Advertisement

Parents with Alzheimer’s: Troubling signs for their grown children

Share

The brains of adults who have elderly parents diagnosed with Alzheimer’s disease betray troubling hallmarks of the same disease even in middle age, when the memory and mental skills of these grown children are still perfectly normal, a new study finds.

Research published Wednesday in the journal Neurology finds that Alzheimer’s-related abnormalities were most pronounced in the brains of those with two parents suffering from the disease.

But among those having just one parent afflicted with Alzheimer’s dementia, less severe abnormalities were evident. Those unusual features followed differing patterns depending whether mother, father or both had been diagnosed. But the findings fell in line with previous research suggesting a person’s risk of developing Alzheimer’s in old age is greater when his or her mother has had the disease than when his or her father has.

Advertisement

None of the 52 subjects, who underwent magnetic resonance imaging, or MRI, scans and two types of PET scans, showed any behavioral signs of suffering from Alzheimer’s. Their ages ranged from 32 to 72, with an average of 56, and all had at least 12 years of education.

The researchers recruited 13 subjects who had a mother diagnosed with the disease after the age of 60, 13 who had a father diagnosed with late-onset Alzheimer’s, and 13 who were unlucky enough to have two parents diagnosed with the memory-robbing disorder.

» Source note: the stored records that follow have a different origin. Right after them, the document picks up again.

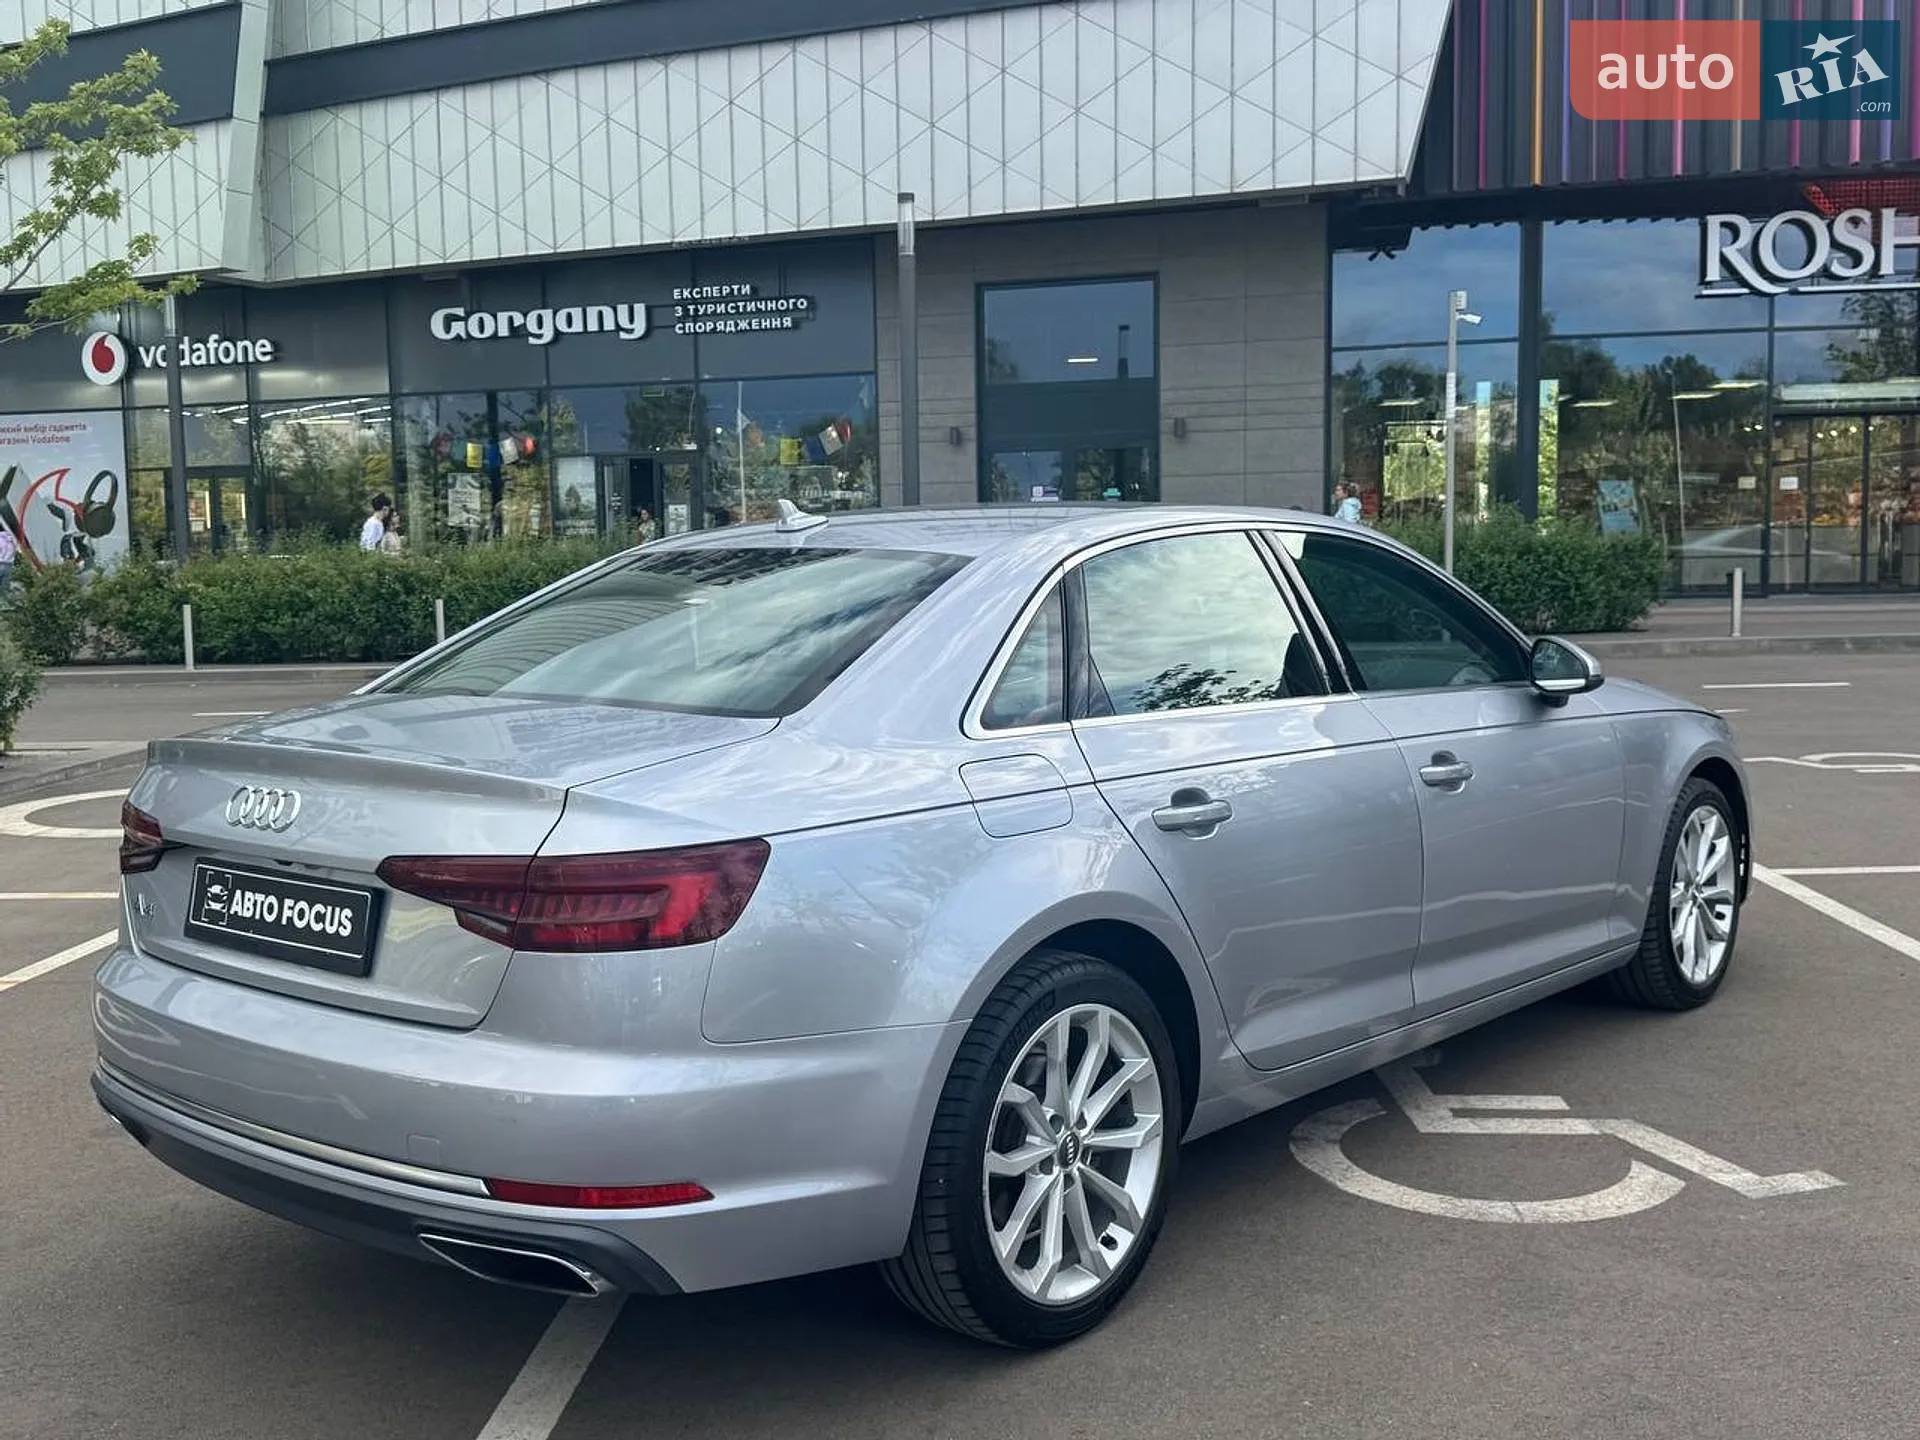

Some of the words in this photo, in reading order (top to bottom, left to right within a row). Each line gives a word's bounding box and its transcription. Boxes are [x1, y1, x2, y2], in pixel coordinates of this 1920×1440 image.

[673, 284, 751, 300] ЕКСПЕРТИ
[687, 298, 808, 316] ТУРИСТИЧНОГО
[430, 303, 646, 345] Gorgany
[674, 316, 793, 334] СПОРЯДЖЕННЯ
[31, 433, 71, 444] Vodafone
[281, 898, 353, 937] FOCUS

A final 13 subjects with no family history of Alzheimer’s served as a comparison group. Scattered evenly through all four groups were 19 subjects who were carriers of the APOE-4 genetic variation that confers a higher risk of Alzheimer’s.

Compared with the no-family-history group, the mother-only group and the father-only group, those with two Alzheimer’s-affected parents showed the most reduced overall metabolic activity in their brains and the greatest shrinkage of gray matter in several regions strongly affected in Alzheimer’s disease.

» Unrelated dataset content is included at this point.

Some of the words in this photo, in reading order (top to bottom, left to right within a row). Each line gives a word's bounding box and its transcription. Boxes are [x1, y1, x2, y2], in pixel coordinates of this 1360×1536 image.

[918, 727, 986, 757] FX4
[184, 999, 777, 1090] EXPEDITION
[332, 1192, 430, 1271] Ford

The brains of those with any family history of Alzheimer’s also showed more substantial amyloid plaque deposits than did those without a family history of the disease. But subjects with two parents affected showed the most amyloid plaque - a key hallmark of Alzheimer’s.

Even when the researchers created a smaller group of younger subjects - the 36 who were under 60 - they observed the same patterns of abnormalities. However, the researchers - from New York University School of Medicine and Weill Cornell Medical College - said they could glean no relationship between APOE-4 status and early signs of brain abnormality in the children of Alzheimer’s patients.

Advertisement

While dispiriting news for those who have watched their parents’ minds robbed by Alzheimer’s, the new research may aim at something more hopeful. By detecting and characterizing the earliest signs of Alzheimer’s risk, studies like these may allow physicians to identify those who could benefit from therapies to prevent or delay progression of the disease long before it begins to affect cognitive function.

While no therapy for prevention of Alzheimer’s is yet in hand, researchers and Alzheimer’s activists are putting heavy emphasis on the hunt for an agent or strategy that could nip the disease in the bud, possibly decades before it manifests itself as confusion and memory loss. Chief among them are agents that can disrupt the process of beta-amyloid build-up in the brain, either by improving the brain’s trash removal systems or blocking the chemical process that allows them to form.

In an editorial in JAMA in late December, Dr. Denis A. Evans, a neurologist at Rush University Medical Center, wrote that a shift in emphasis toward Alzheimer’s prevention “seems warranted,” given the swelling numbers of those at risk and the discouraging record of progress in finding therapies to reverse or cure Alzheimer’s.

If they are to identify such a preventive therapy, however, they will need first to identify and track those most at risk - possibly by looking for the earliest changes in brain structure and function that are forerunners to dementia symptoms.